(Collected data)

· · · ·

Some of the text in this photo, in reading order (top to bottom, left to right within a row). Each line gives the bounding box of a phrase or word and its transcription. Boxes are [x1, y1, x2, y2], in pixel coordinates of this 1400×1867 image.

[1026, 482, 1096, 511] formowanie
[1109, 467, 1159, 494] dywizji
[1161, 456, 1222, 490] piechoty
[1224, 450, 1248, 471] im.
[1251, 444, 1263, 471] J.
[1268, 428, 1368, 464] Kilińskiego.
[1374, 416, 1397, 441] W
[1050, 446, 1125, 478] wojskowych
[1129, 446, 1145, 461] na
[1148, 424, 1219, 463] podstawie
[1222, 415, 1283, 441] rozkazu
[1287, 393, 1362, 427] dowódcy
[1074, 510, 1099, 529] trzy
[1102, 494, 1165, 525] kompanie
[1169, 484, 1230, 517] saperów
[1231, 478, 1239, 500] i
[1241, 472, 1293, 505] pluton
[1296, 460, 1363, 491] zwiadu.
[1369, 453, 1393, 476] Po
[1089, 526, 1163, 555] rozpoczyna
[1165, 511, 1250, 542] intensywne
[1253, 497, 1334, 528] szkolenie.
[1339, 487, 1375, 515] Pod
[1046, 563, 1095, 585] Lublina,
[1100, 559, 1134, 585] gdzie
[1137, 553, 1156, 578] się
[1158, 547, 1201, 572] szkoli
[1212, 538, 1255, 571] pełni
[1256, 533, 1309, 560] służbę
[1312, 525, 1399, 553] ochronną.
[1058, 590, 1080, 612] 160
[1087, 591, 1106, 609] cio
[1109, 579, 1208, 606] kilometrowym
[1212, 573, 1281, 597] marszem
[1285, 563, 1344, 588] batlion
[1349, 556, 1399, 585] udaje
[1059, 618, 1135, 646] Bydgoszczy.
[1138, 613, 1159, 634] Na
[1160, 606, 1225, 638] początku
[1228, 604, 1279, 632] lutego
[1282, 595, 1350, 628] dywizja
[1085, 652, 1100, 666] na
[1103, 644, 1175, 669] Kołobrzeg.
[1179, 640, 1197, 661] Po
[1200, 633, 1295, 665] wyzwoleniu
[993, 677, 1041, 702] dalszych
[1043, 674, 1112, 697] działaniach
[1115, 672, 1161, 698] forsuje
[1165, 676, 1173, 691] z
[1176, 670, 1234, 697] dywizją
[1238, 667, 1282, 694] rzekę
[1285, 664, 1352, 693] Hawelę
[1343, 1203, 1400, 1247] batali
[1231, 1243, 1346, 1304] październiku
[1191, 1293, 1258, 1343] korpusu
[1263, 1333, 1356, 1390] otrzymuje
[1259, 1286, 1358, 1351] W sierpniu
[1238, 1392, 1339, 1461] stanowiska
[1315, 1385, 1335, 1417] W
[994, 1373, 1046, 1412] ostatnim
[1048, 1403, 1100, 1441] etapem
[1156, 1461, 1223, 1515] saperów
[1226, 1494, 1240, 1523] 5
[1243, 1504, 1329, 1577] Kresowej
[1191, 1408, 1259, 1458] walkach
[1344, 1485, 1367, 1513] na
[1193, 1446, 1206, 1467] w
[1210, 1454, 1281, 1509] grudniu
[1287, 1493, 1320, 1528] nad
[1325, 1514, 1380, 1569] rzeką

· · · ·

▶ **WORK TASK**: Print each of the lines above again, unchanged.

▶ **RESULT**:
Some of the text in this photo, in reading order (top to bottom, left to right within a row). Each line gives the bounding box of a phrase or word and its transcription. Boxes are [x1, y1, x2, y2], in pixel coordinates of this 1400×1867 image.

[1026, 482, 1096, 511] formowanie
[1109, 467, 1159, 494] dywizji
[1161, 456, 1222, 490] piechoty
[1224, 450, 1248, 471] im.
[1251, 444, 1263, 471] J.
[1268, 428, 1368, 464] Kilińskiego.
[1374, 416, 1397, 441] W
[1050, 446, 1125, 478] wojskowych
[1129, 446, 1145, 461] na
[1148, 424, 1219, 463] podstawie
[1222, 415, 1283, 441] rozkazu
[1287, 393, 1362, 427] dowódcy
[1074, 510, 1099, 529] trzy
[1102, 494, 1165, 525] kompanie
[1169, 484, 1230, 517] saperów
[1231, 478, 1239, 500] i
[1241, 472, 1293, 505] pluton
[1296, 460, 1363, 491] zwiadu.
[1369, 453, 1393, 476] Po
[1089, 526, 1163, 555] rozpoczyna
[1165, 511, 1250, 542] intensywne
[1253, 497, 1334, 528] szkolenie.
[1339, 487, 1375, 515] Pod
[1046, 563, 1095, 585] Lublina,
[1100, 559, 1134, 585] gdzie
[1137, 553, 1156, 578] się
[1158, 547, 1201, 572] szkoli
[1212, 538, 1255, 571] pełni
[1256, 533, 1309, 560] służbę
[1312, 525, 1399, 553] ochronną.
[1058, 590, 1080, 612] 160
[1087, 591, 1106, 609] cio
[1109, 579, 1208, 606] kilometrowym
[1212, 573, 1281, 597] marszem
[1285, 563, 1344, 588] batlion
[1349, 556, 1399, 585] udaje
[1059, 618, 1135, 646] Bydgoszczy.
[1138, 613, 1159, 634] Na
[1160, 606, 1225, 638] początku
[1228, 604, 1279, 632] lutego
[1282, 595, 1350, 628] dywizja
[1085, 652, 1100, 666] na
[1103, 644, 1175, 669] Kołobrzeg.
[1179, 640, 1197, 661] Po
[1200, 633, 1295, 665] wyzwoleniu
[993, 677, 1041, 702] dalszych
[1043, 674, 1112, 697] działaniach
[1115, 672, 1161, 698] forsuje
[1165, 676, 1173, 691] z
[1176, 670, 1234, 697] dywizją
[1238, 667, 1282, 694] rzekę
[1285, 664, 1352, 693] Hawelę
[1343, 1203, 1400, 1247] batali
[1231, 1243, 1346, 1304] październiku
[1191, 1293, 1258, 1343] korpusu
[1263, 1333, 1356, 1390] otrzymuje
[1259, 1286, 1358, 1351] W sierpniu
[1238, 1392, 1339, 1461] stanowiska
[1315, 1385, 1335, 1417] W
[994, 1373, 1046, 1412] ostatnim
[1048, 1403, 1100, 1441] etapem
[1156, 1461, 1223, 1515] saperów
[1226, 1494, 1240, 1523] 5
[1243, 1504, 1329, 1577] Kresowej
[1191, 1408, 1259, 1458] walkach
[1344, 1485, 1367, 1513] na
[1193, 1446, 1206, 1467] w
[1210, 1454, 1281, 1509] grudniu
[1287, 1493, 1320, 1528] nad
[1325, 1514, 1380, 1569] rzeką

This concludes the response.